Criswell was born in Eldorado in Jackson County in southwestern Oklahoma[3] to Wallie Amos and Anna Currie Criswell. It was not uncommon at the time for boys to be named with initials, and he was simply called "W. A.". In later years when a full name was required for his passport Criswell supplied his father's first and middle names. Criswell grew up in Texline in Dallam County, the most northwesterly community in the Texas Panhandle, where his cowboy-barber father moved the family in 1915.[4]

At age ten, young W. A. professed faith in Christ at a revival meeting led by the evangelist Reverend John Hicks. Two years later Criswell publicly committed his life to the gospel ministry. Criswell was licensed to preach at the age of seventeen and soon thereafter held part-time pastorates at Devil's Bend and Pulltight, Texas.[3] While attending Baylor University in Waco, Texas, from 1928 to 1931 he ministered in Marlow, White Mound, and Pecan Grove, the latter in Fort Bend County, Texas. During his graduate and post-graduate years, including a Ph.D. at The Southern Baptist Theological Seminary in Louisville, Kentucky, Criswell was the pastor of Baptist churches in Mount Washington in Bullitt County near Louisville and Oakland in Warren County near Bowling Green, Kentucky. After completing his degrees, Criswell in 1937 accepted the pastorate of the First Baptist Church of Chickasha in Grady County in central Oklahoma. In 1941, he moved to First Baptist Church of Muskogee in eastern Oklahoma. In 1935, Criswell married the former Bessie Marie "Betty" Harris (1913-2006), the pianist of the Mount Washington church and an education graduate of Western Kentucky University in Bowling Green.[5] Their daughter, Mabel Ann, spelled Mabel Anne on her tomb, was born in Chickasha in 1939. Divorced with two sons, Mabel Ann possessed an exceptional operatic voice and recorded three albums of sacred music in the late 1960s and early 1970s, two with the Ralph Carmichael orchestra. She died in 2002, some six months after her father's passing.[5]

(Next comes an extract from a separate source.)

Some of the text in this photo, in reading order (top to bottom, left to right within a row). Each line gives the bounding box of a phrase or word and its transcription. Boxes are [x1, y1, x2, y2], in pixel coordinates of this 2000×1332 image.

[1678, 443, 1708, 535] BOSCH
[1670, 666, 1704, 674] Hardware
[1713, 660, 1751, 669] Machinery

First Baptist Church of Dallas

For over fifty years Criswell was the pastor of the downtown First Baptist Church of Dallas, Texas, known for its conservative evangelical teachings.

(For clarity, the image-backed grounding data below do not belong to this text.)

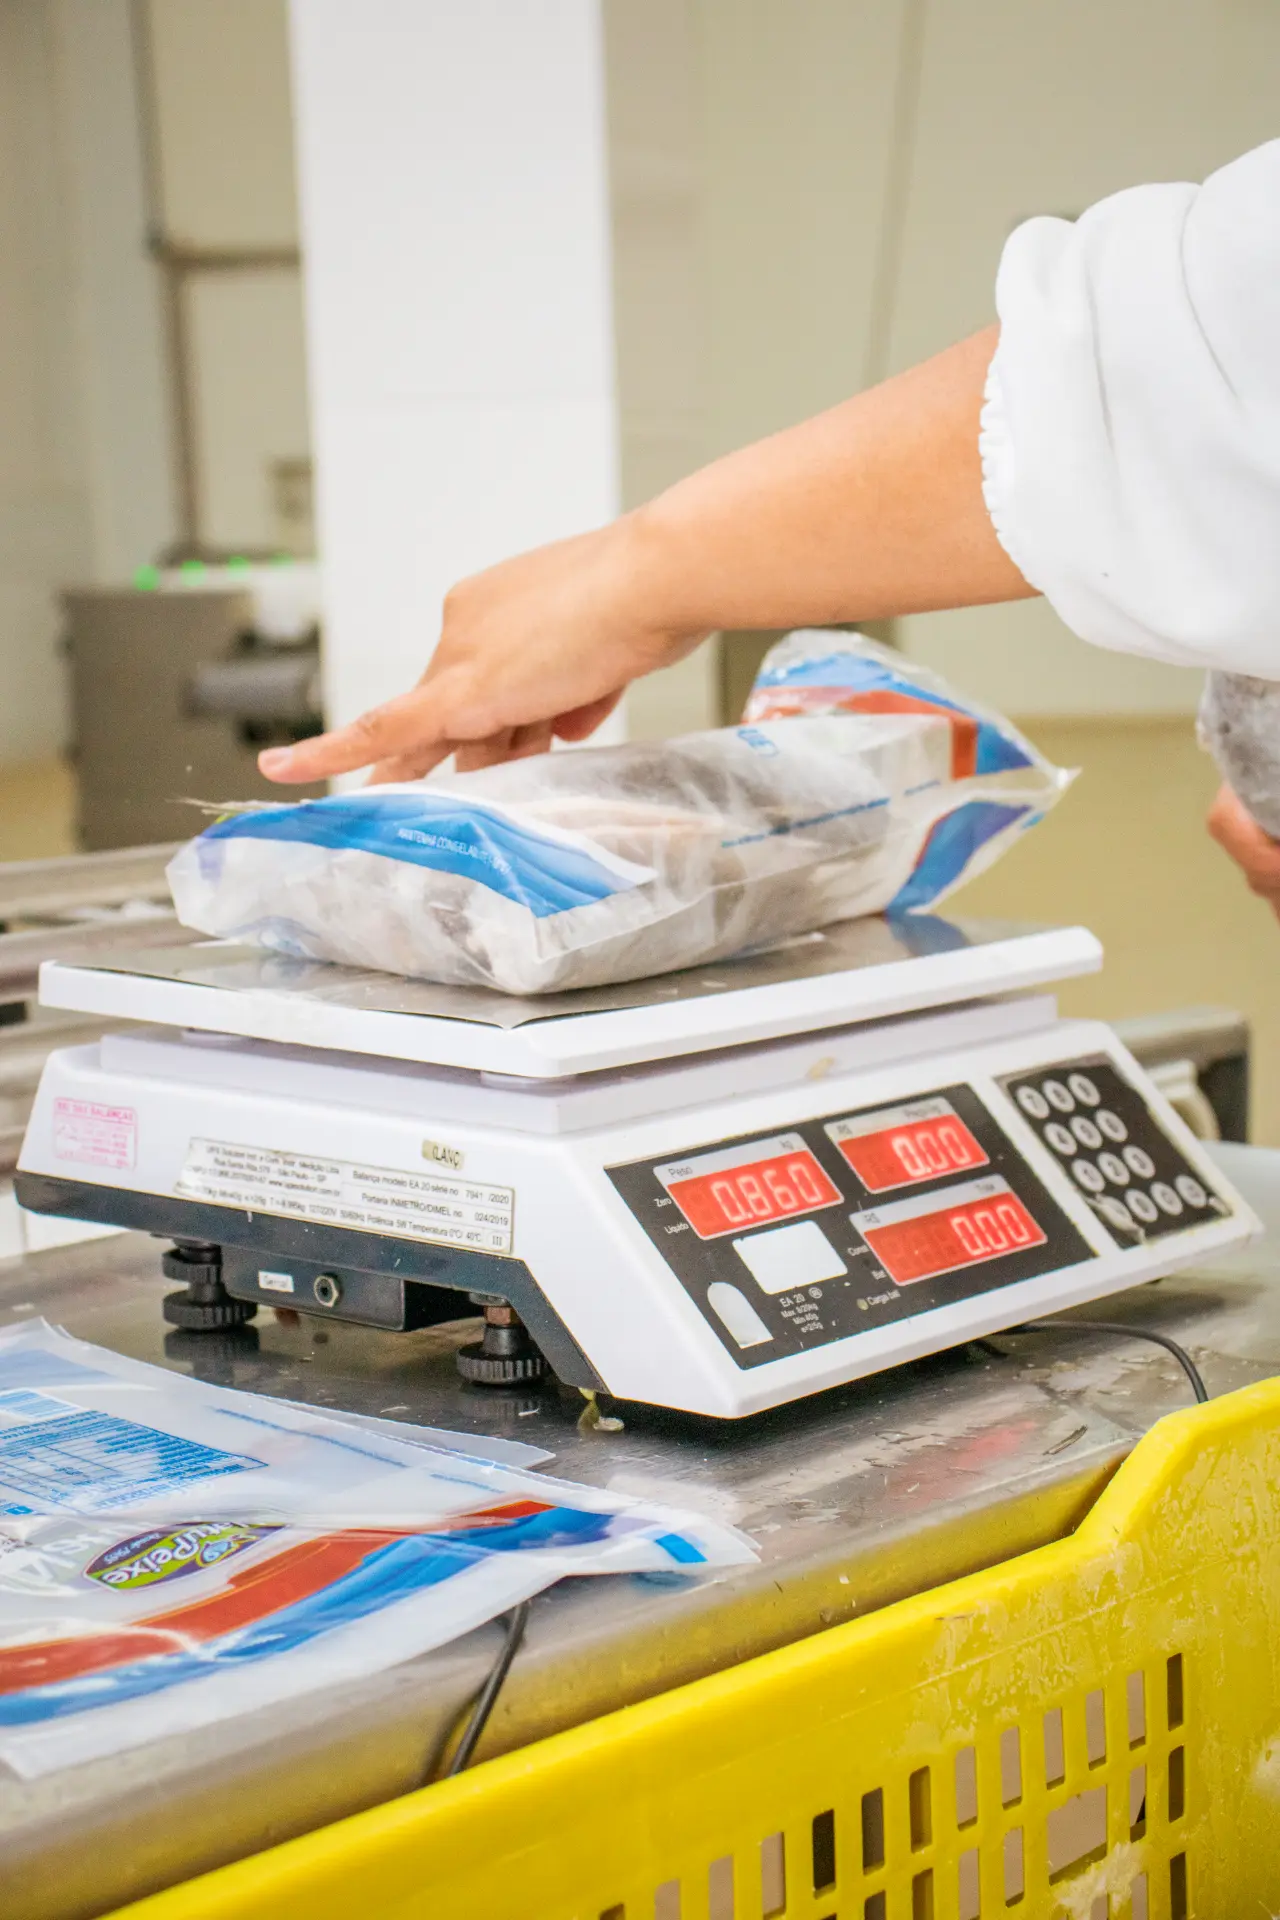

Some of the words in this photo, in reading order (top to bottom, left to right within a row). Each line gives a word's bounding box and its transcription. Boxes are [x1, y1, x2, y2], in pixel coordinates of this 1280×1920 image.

[891, 1125, 973, 1178] 0.00
[408, 1179, 420, 1189] EA
[420, 1181, 432, 1192] 20
[667, 1166, 694, 1178] Peso
[653, 1197, 673, 1208] Zero
[709, 1162, 824, 1224] 0.860
[949, 1203, 1032, 1257] 0.00

In 1944 Criswell was called to replace George Washington Truett as the pastor of the First Baptist Church in Dallas. He would spend the remainder of his life at First Baptist, preaching more than four thousand sermons from its pulpit. During his tenure membership grew from 7,800 to 26,000, with weekly Sunday School attendance in excess of 5,000. The church expanded to multiple buildings covering five blocks in downtown Dallas, eventually becoming the largest Southern Baptist church in the world. The popular evangelist Billy Graham joined the church in 1953, became a close friend of the Criswell family, and remained a member of the Dallas congregation for 55 years.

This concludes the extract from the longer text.